Primarily, there are two types of DLLs on your Windows computer:
- Shared or common DLLs: These DLLs are used by several programs on your computer.
- Proprietary DLLs: These DLLs either belong to one specific program or one particular software publisher.
Note: In this article, C: represents the system drive of your Windows operating system.
When DLLs where first introduced in Windows operating systems the \Windows\System directory was designated as the default folder for shared or common DLL files. On the other hand, proprietary DLLs were supposed to be stored in the program’s own folder.
Additionally, it was intended that any new version of a DLL will be backward compatible with its older versions and should replace the older DLL when copied to the system. This way, ideally, you should have only one copy of a shared DLL on your computer, which should be available to any application that wants to use it.
However, in reality this does not happen. Quite often, you may end up with a PC having multiple copies of the same DLL file scattered all over your computer’s hard disk. These DLLs are usually added by different programs that use them. Now, on any Windows operating system, only one copy of a specific DLL file can be loaded in the memory (RAM) at one time and this DLL stays in the memory until the application or applications using it need it.

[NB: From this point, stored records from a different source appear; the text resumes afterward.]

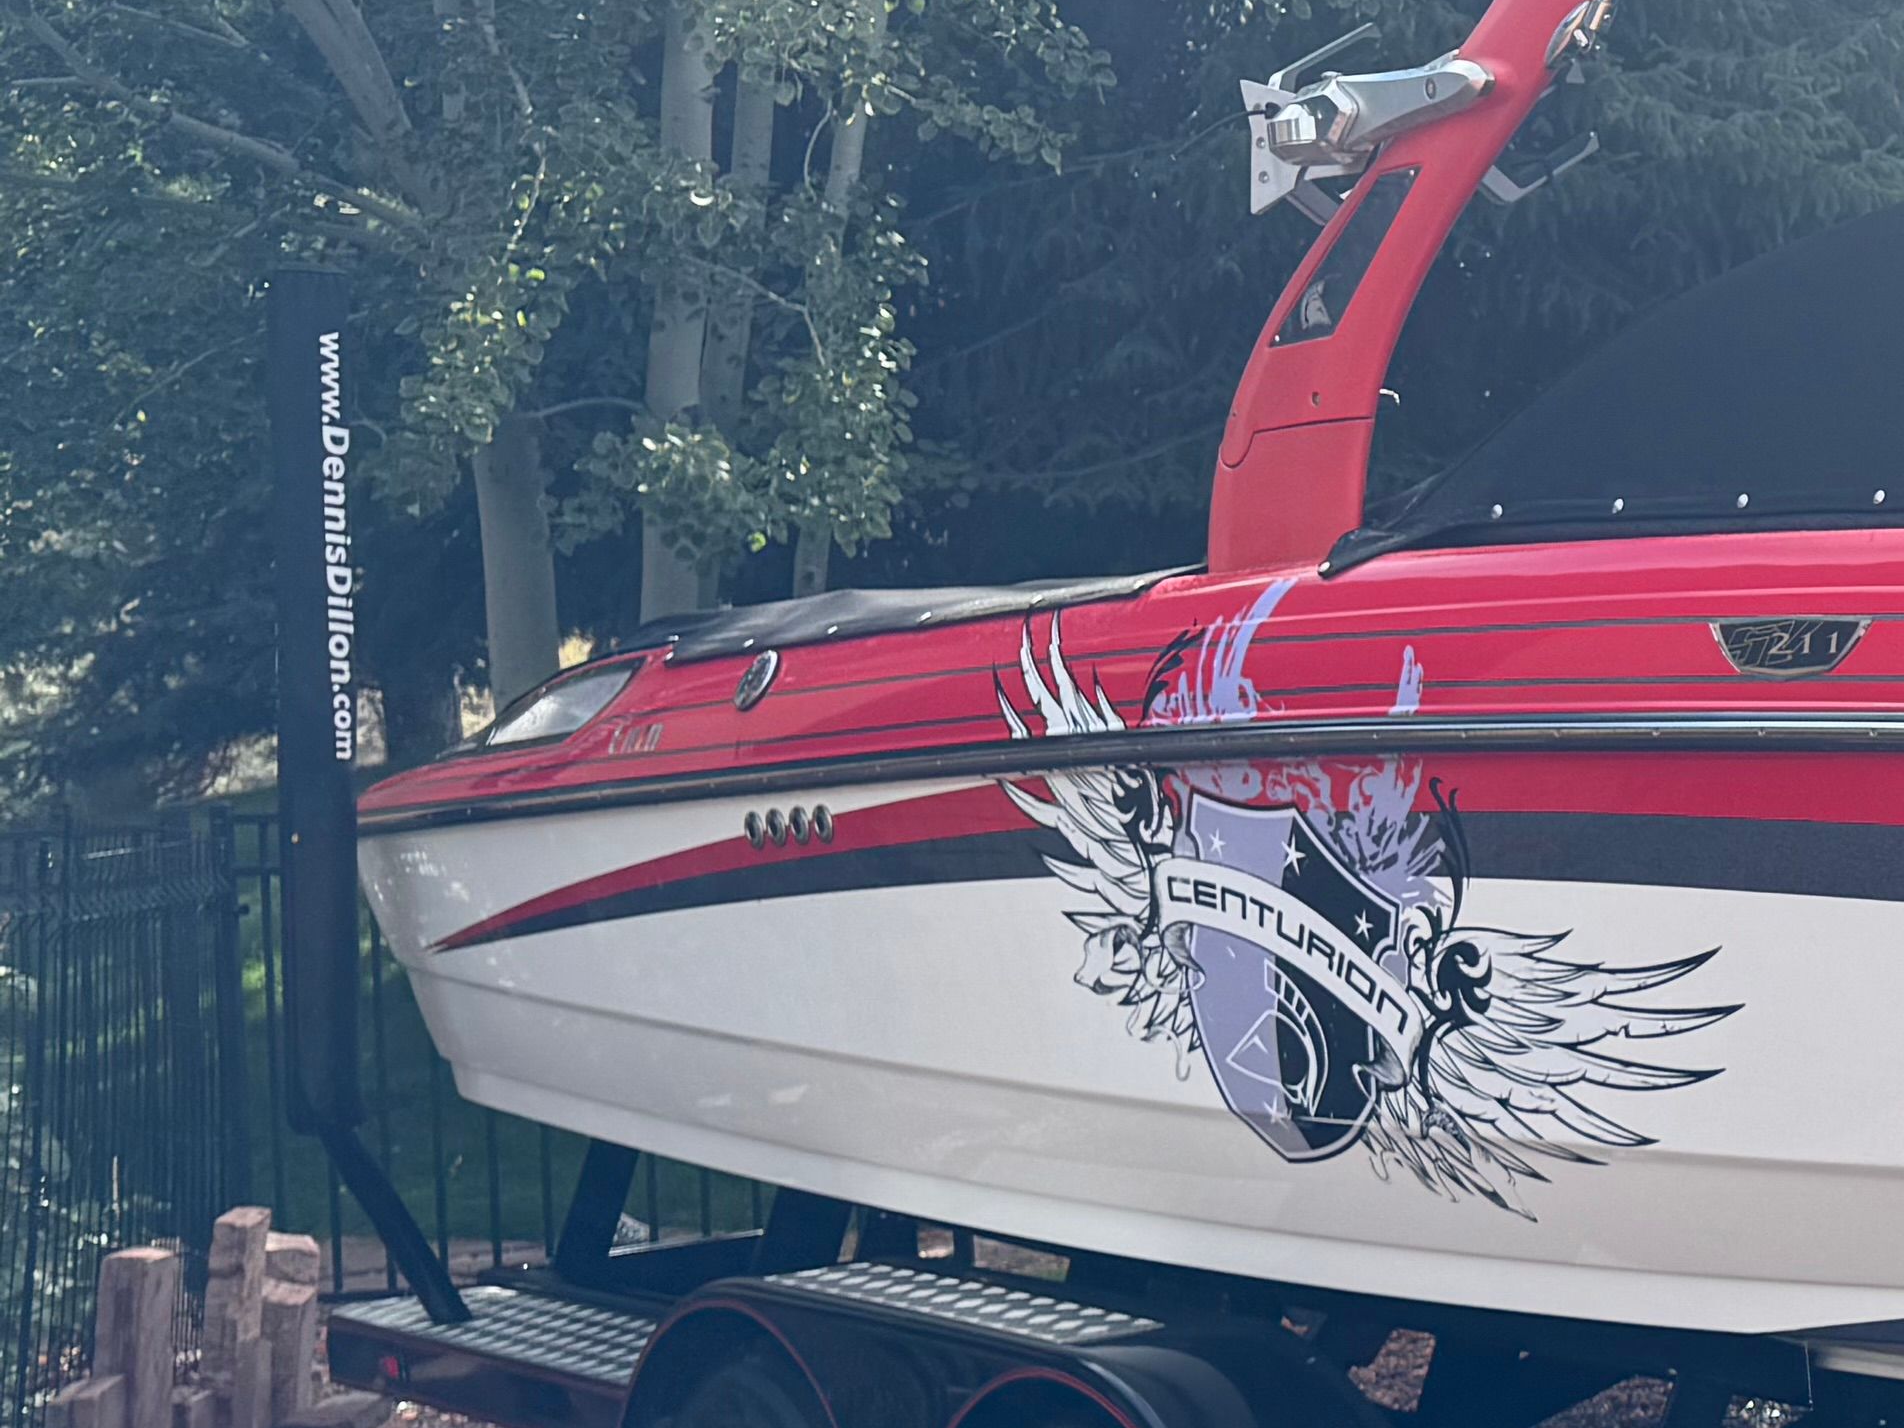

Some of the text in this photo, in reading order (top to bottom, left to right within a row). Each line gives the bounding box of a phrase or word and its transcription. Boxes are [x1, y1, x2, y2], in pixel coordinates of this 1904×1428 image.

[319, 331, 355, 761] www.DennisDillon.com
[1768, 631, 1839, 654] 211
[1167, 875, 1409, 1035] CENTURION
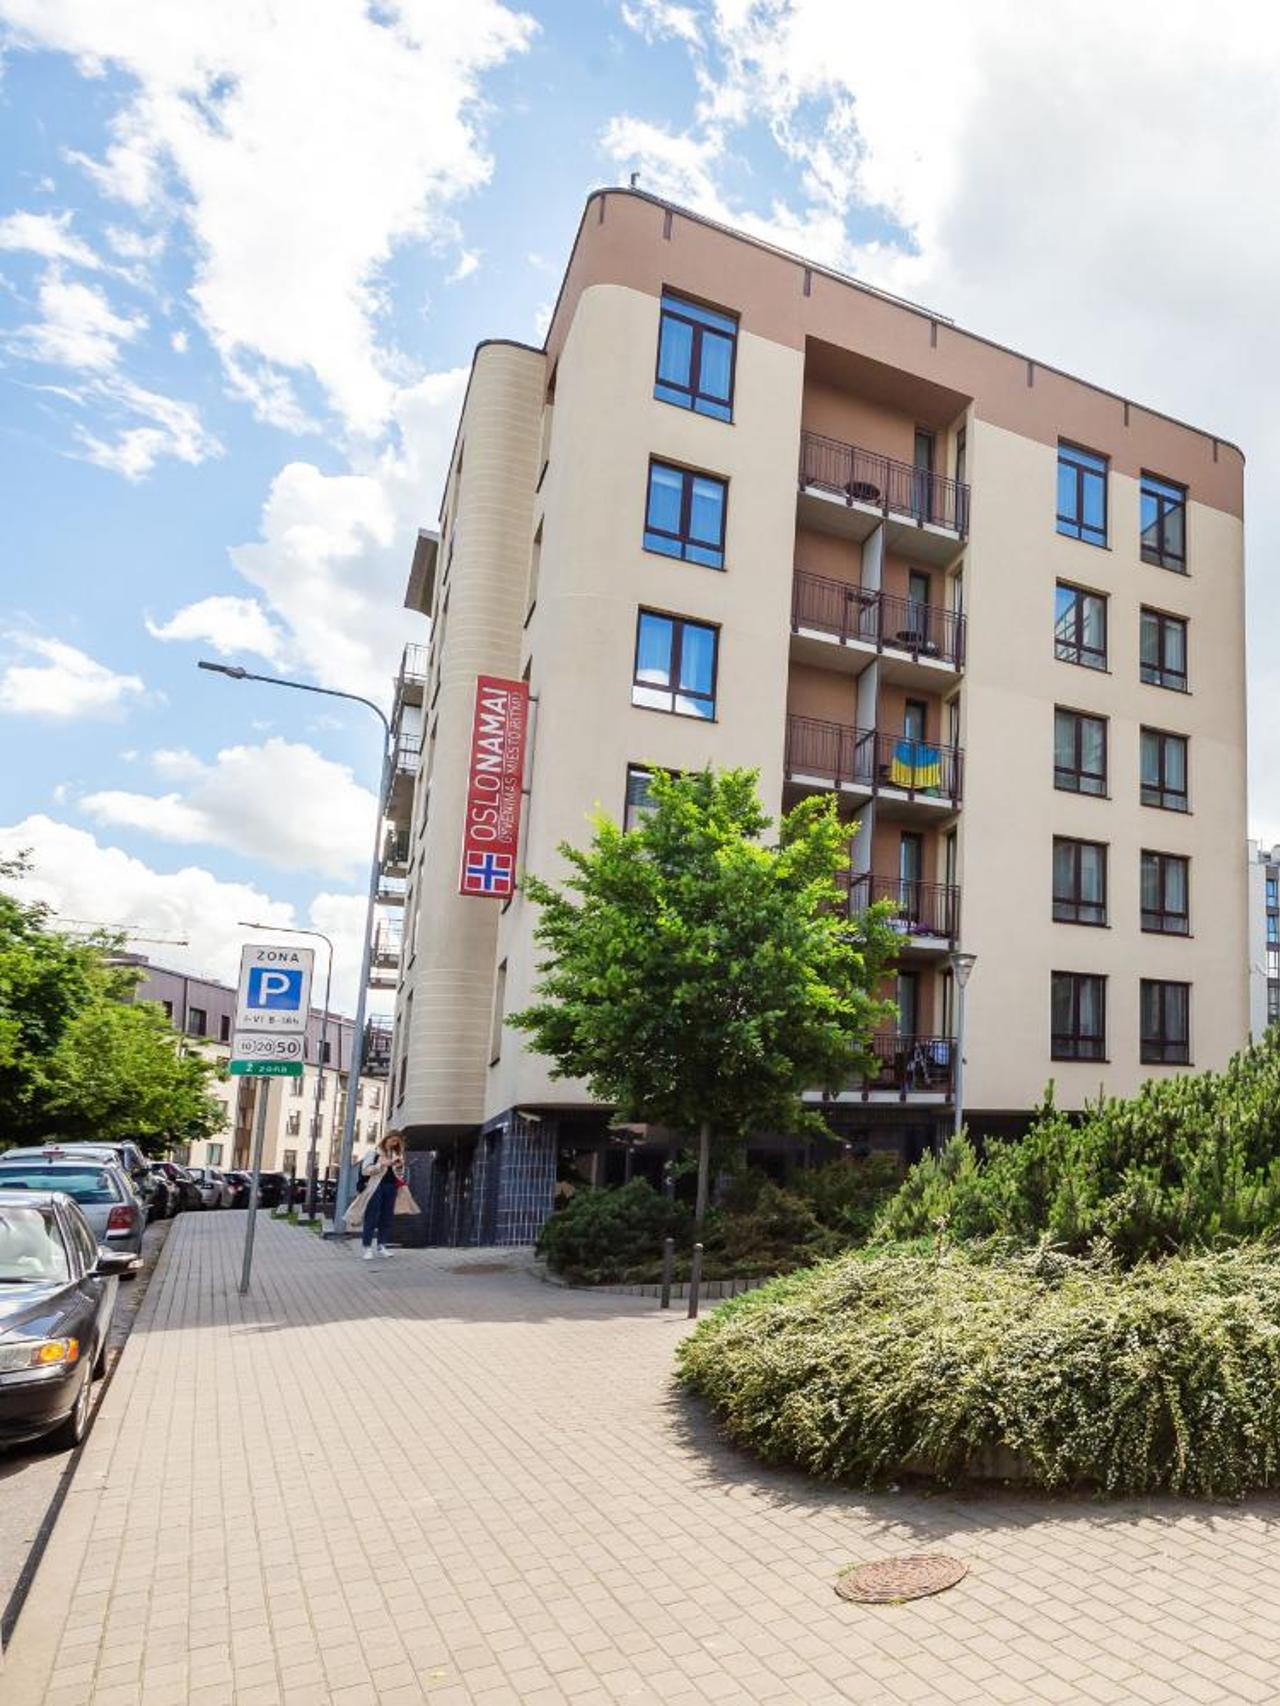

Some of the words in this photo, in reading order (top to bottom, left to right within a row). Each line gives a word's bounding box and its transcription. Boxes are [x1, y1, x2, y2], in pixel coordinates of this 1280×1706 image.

[256, 950, 300, 963] ZONA
[259, 972, 291, 1006] P
[257, 1042, 272, 1051] 20
[277, 1042, 297, 1053] 50

This creates problems if you have duplicate DLLs of different versions on your system.
Let’s have a look at a scenario to understand how this feature of Windows causes problems when duplicate DLLs exist on your system.

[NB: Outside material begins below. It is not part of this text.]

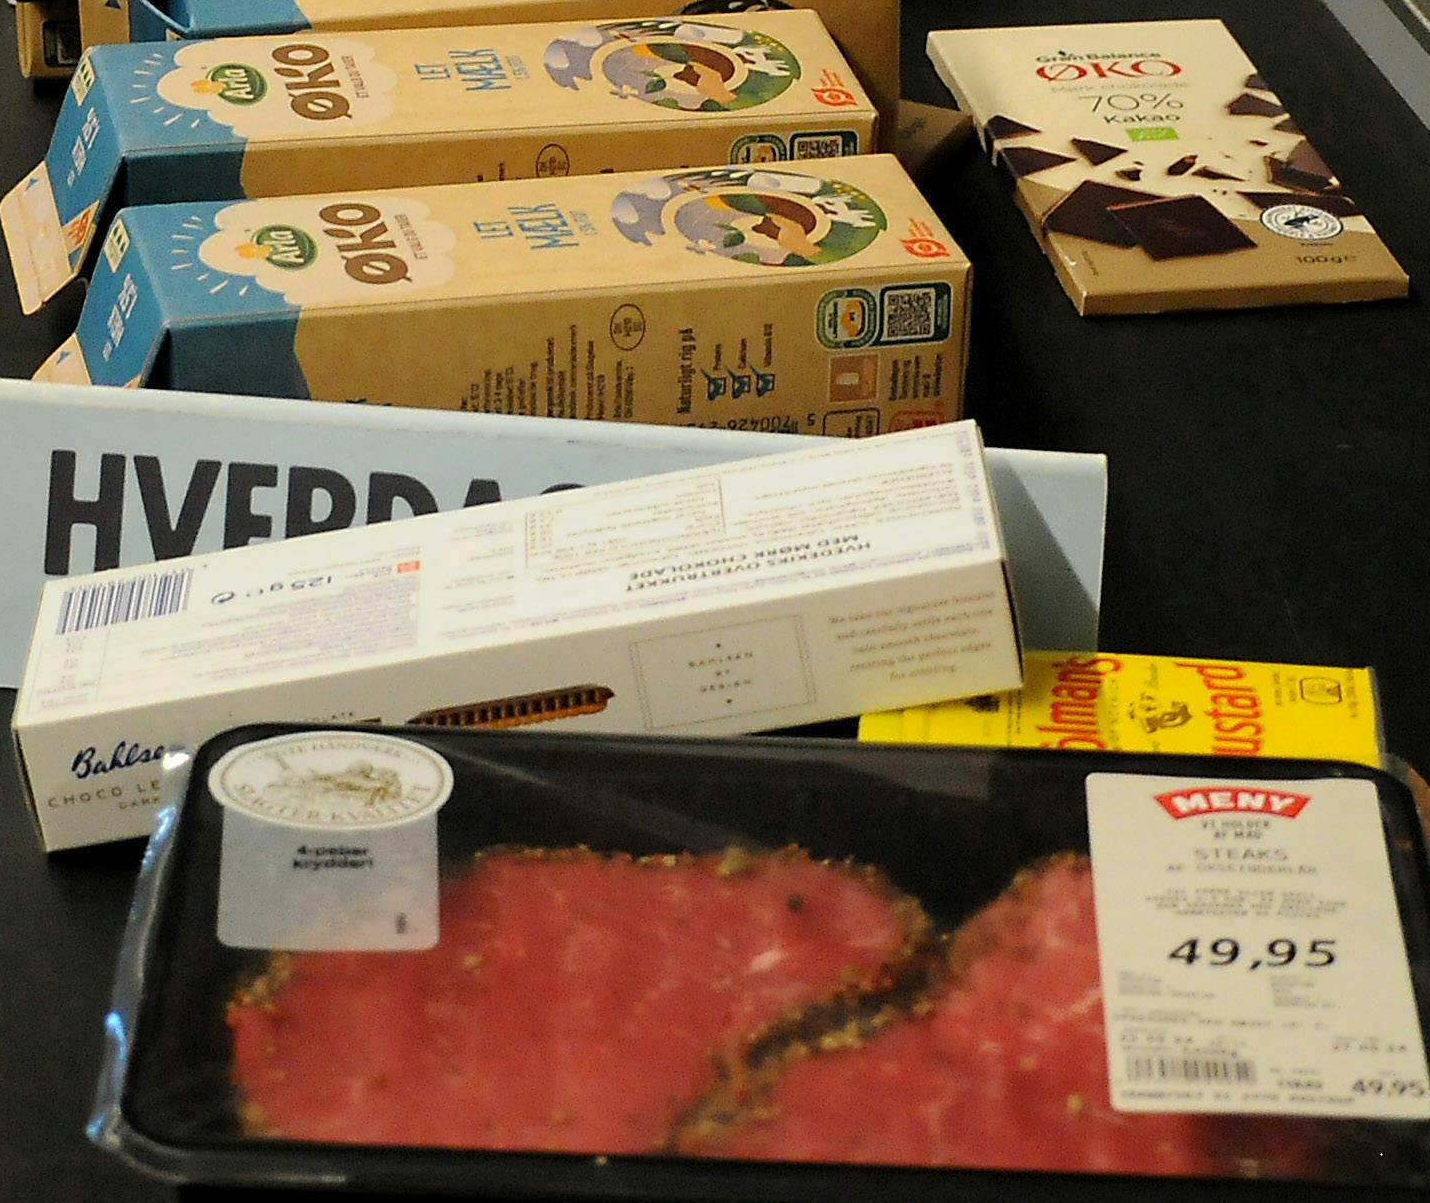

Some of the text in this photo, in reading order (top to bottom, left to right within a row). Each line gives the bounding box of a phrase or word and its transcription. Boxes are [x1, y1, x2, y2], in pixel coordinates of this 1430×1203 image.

- Suppose that a program distributed with an earlier DLL version is loaded at System startup. This DLL is located in the program’s local directory and comprises 15 functions that are loaded in the physical memory or RAM of your computer.
- After your system starts up, you open another recently released program on your system. Suppose that this program needs to use the same DLL that the program loaded at startup uses. But, this new program needs to use the more current version of this DLL that comprises 70 internal functions in comparison to 15 functions included in the early DLL version.
- Because the early version of the DLL is already in the memory, the new program will be unable to load its own new version DLL in the memory. Moreover, as this DLL is already loaded, you may not face any problems while launching your program.
- The trouble will start when the program asks for one of the 55 functions that are missing from the earlier version of the DLL. When this happens, your system may crash, or freeze up. Many times, an error message may be displayed that is completely unrelated to the real problem.
How to Resolve Duplicate DLL Problems
To resolve duplicate DLL problems, perform the following steps:
- Download and install a third party DLL cleaner tool on your computer. This tool may come packaged with another PC diagnostic and repair tool.
- Run the DLL cleaner tool to scan and display all duplicate DLL files on your computer.
- Now, copy all old and new versions of one DLL file to a different medium, such as a pen drive, floppy disk, or a CD and then delete all versions of this DLL file from the system
- Copy the latest DLL version in the C:\Windows\System folder.
- Now, run the programs that require this DLL. If they run fine, your problem is resolved. If you encounter problems, replace the DLL for the programs that do not work.
- Repeat the process for other duplicate DLL files on your system.
Note: Make a note of the locations of all DLL files you copy and delete. This way, you will be able to restore the required DLL in its location if the removal process fails. It is also recommended that you create a System Restore point before proceeding, so that you can revert to your earlier system settings if the repair process fails.
DLL problems may also occur due to the existence of duplicate and invalid DLL entries in the Windows registry. To resolve this problem, you may use a reliable registry cleaner to perform a custom registry scan for DLL related errors and then repair them.